Serious mistakes in NHS patient care are on the rise, figures reveal
Serious mistakes by hospital staff that put patients at risk are on the rise, despite the government’s drive since the Mid Staffs scandal to make care safer, official NHS figures reveal.
The last few years have seen more cases of delayed diagnosis, staff failure to act on patients’ test results, poor care of seriously ill patients and blunders during surgery.
The figures, obtained by former health minister Norman Lamb from NHS England, have sparked concern that the unprecedented strain on hospitals – created by rising demand for care, shortages of doctors and nurses, and the need to save money – is making staff more likely to make errors.
The number of cases in which NHS England recorded that a patient whose health was deteriorating received what it calls sub-optimal care more than doubled, from 260 in 2013-14 to 588 in 2015-16. Similarly, the number of diagnostic incidents – either a delayed diagnosis or an NHS worker not acting on test results – rose from 654 to 923.

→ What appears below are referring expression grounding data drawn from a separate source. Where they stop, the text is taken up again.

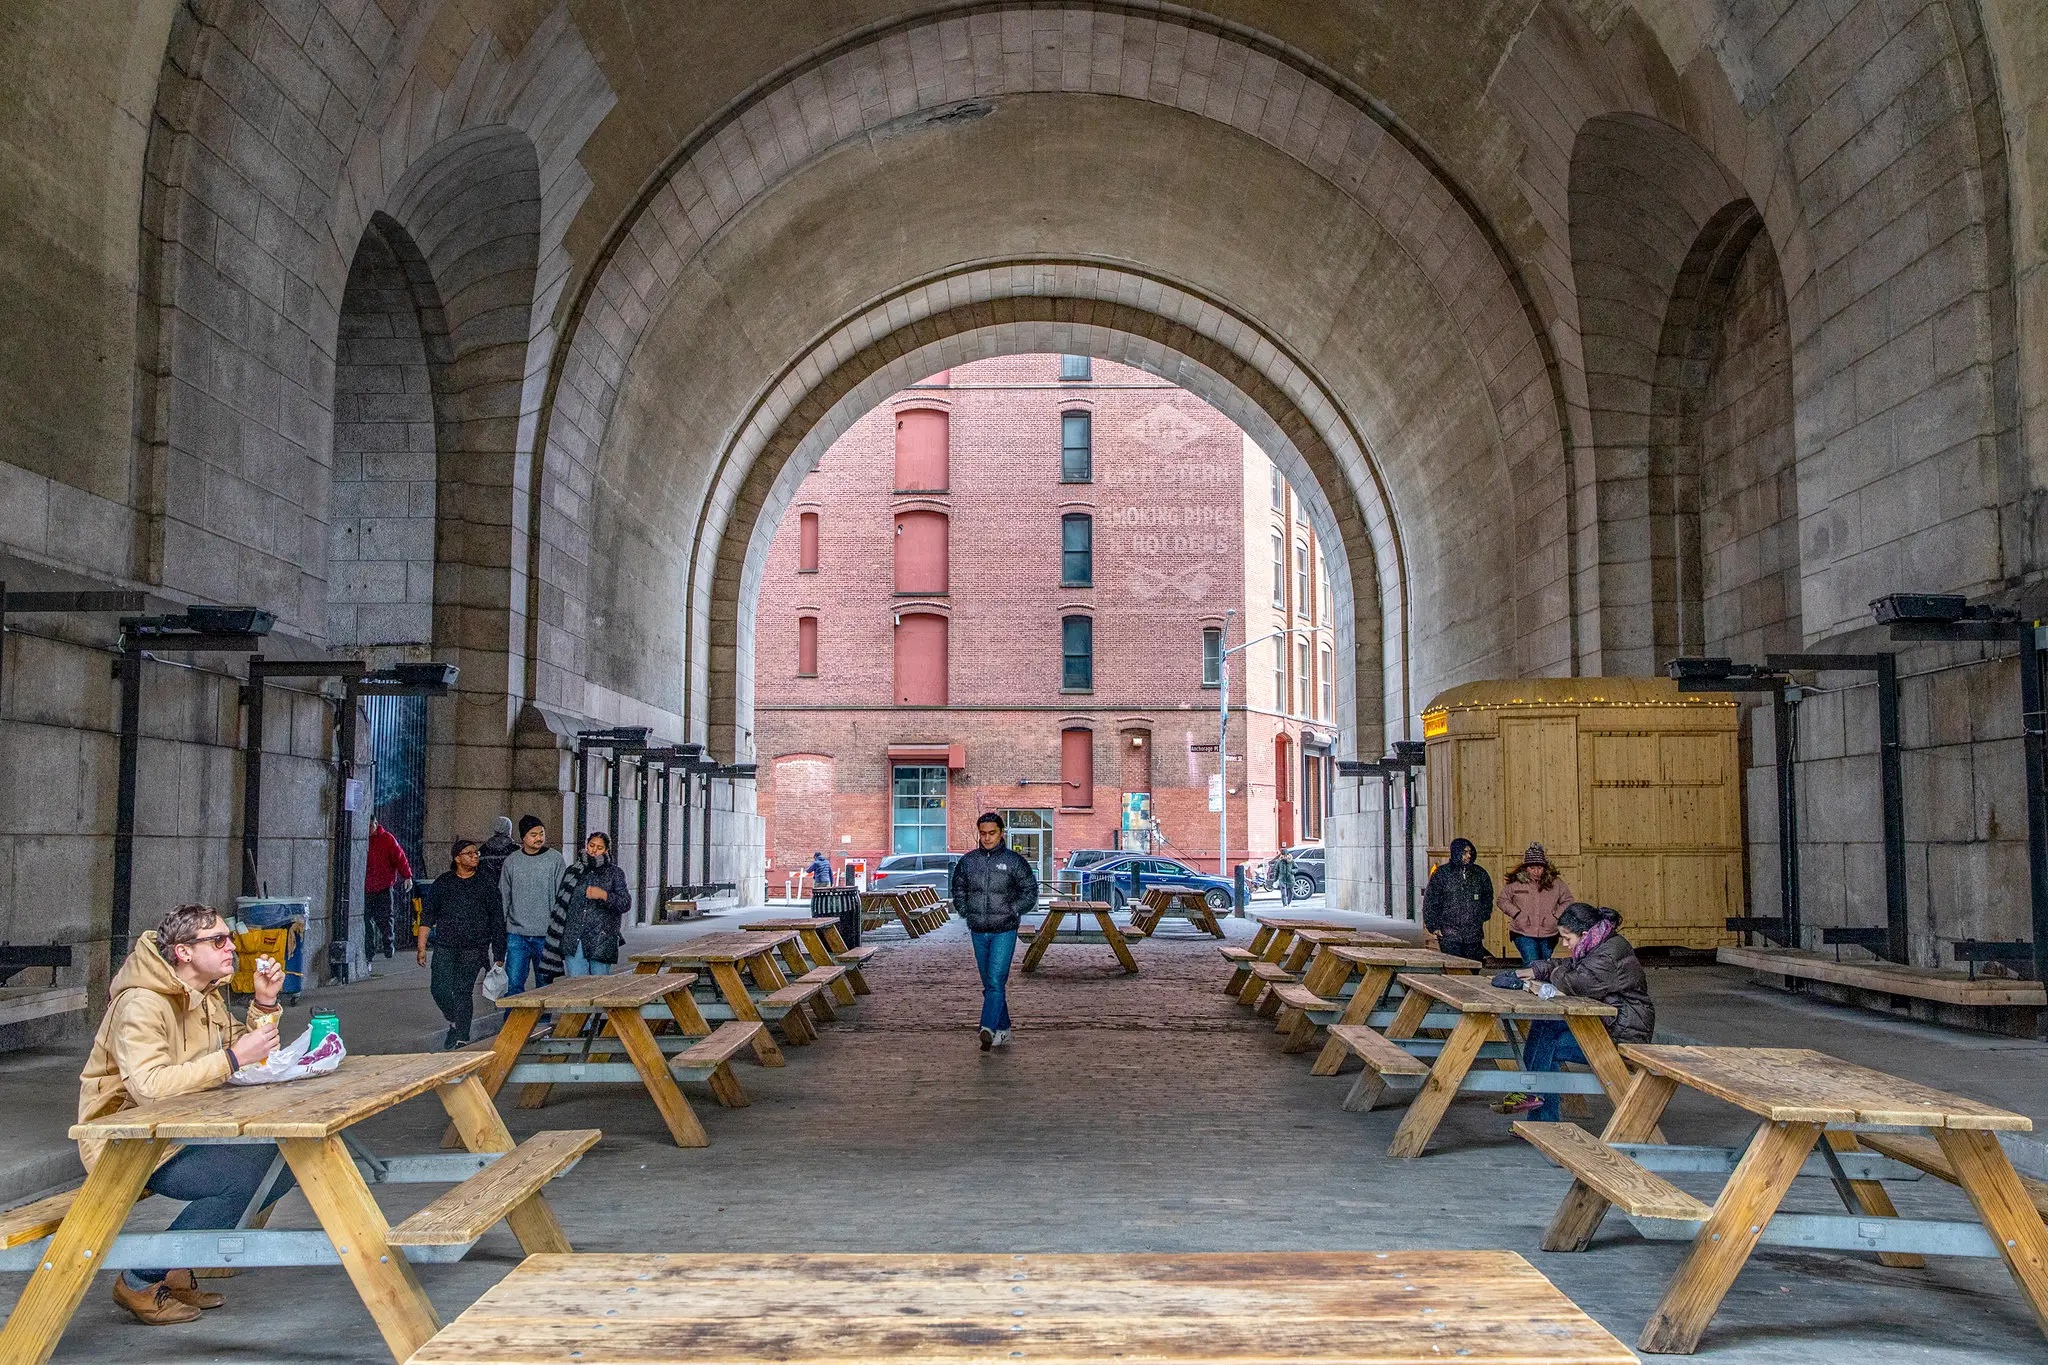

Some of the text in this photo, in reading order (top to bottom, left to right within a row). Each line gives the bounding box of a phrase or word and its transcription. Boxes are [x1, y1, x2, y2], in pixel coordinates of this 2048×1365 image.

[1101, 506, 1236, 526] SMOKING PIPES
[1132, 534, 1228, 555] HOLDERS
[1018, 814, 1033, 822] 155
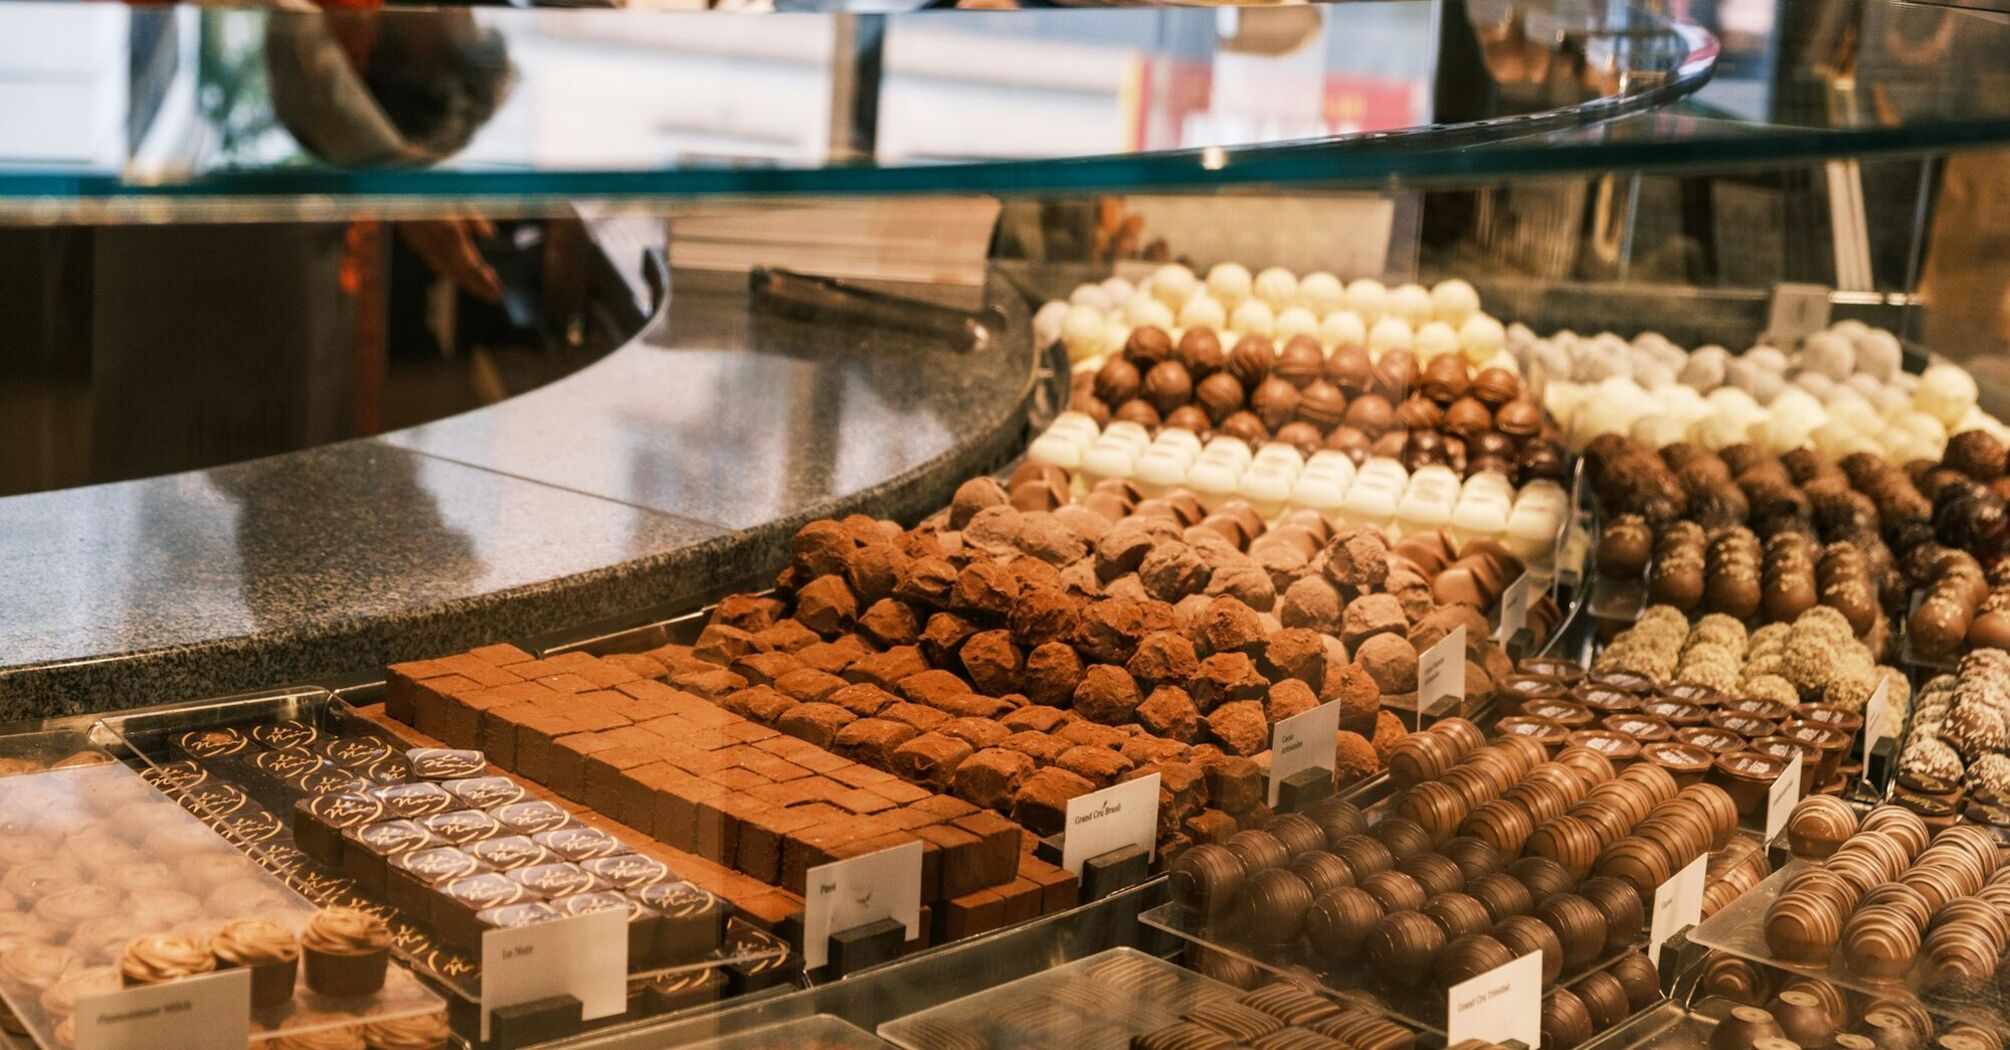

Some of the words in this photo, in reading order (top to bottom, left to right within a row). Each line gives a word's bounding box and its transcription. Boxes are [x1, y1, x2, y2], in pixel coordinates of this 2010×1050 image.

[1075, 812, 1092, 824] Grand
[1093, 810, 1104, 819] Cru
[1457, 998, 1475, 1012] Grand
[1476, 994, 1487, 1004] Cru

“Jeremy Hunt [the health secretary] has talked a lot about wanting to make the NHS the safest healthcare system in the world,” said Lamb. “But is that ambition realistic? These figures show worrying rises in the number of incidents which have a damaging and potentially fatal effect on patients.
“My worry is that the NHS is under such impossible pressure, with clinicians too often working under intense strain, that increases the risk of serious harm being caused to patients, which can have incalculable consequences for them and their families.
“These figures confirm the stark and distressing reality that thousands of people are being failed in their hour of need because the NHS is under such intolerable pressure, with overstretched hospital staff unable to give patients the care and treatment they deserve,” he added.
The figures that he obtained, using the Freedom of Information Act, also show that the number of surgical incidents more than doubled from 285 in 2013-14 to 740 in 2015-16. There were 202 surgical errors and 83 cases of wrong-site surgery – in which surgeons operated on the wrong part of a patient’s body – during 2013-14. They rose to 248 and 114 respectively a year later.